### Record set:
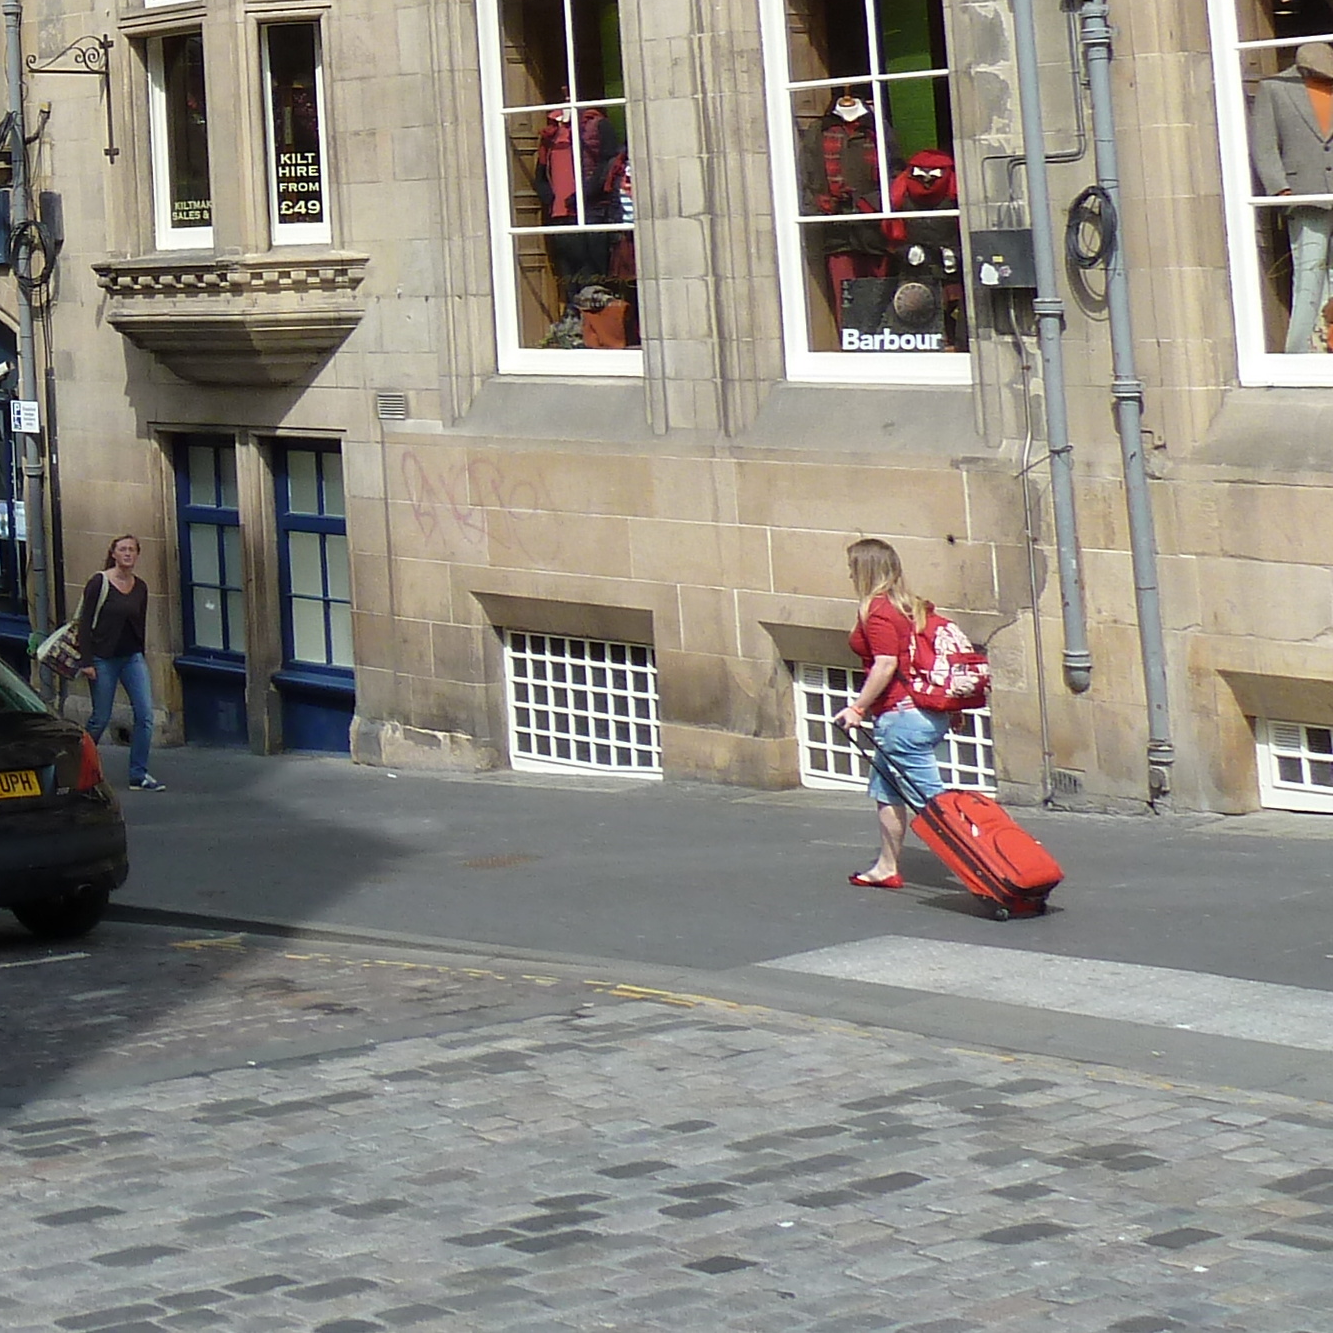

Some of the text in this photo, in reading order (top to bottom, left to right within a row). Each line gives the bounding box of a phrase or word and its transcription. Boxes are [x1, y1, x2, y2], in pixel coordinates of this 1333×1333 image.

[280, 152, 316, 164] KILT
[278, 166, 319, 177] HIRE
[279, 182, 319, 192] FROM
[280, 200, 320, 214] £49
[172, 211, 201, 220] SALES
[842, 328, 942, 350] Barbour
[0, 772, 33, 793] UPH

### What to produce:
Retype each entry precisely. Skip images entirely.

### The answer:
Some of the text in this photo, in reading order (top to bottom, left to right within a row). Each line gives the bounding box of a phrase or word and its transcription. Boxes are [x1, y1, x2, y2], in pixel coordinates of this 1333×1333 image.

[280, 152, 316, 164] KILT
[278, 166, 319, 177] HIRE
[279, 182, 319, 192] FROM
[280, 200, 320, 214] £49
[172, 211, 201, 220] SALES
[842, 328, 942, 350] Barbour
[0, 772, 33, 793] UPH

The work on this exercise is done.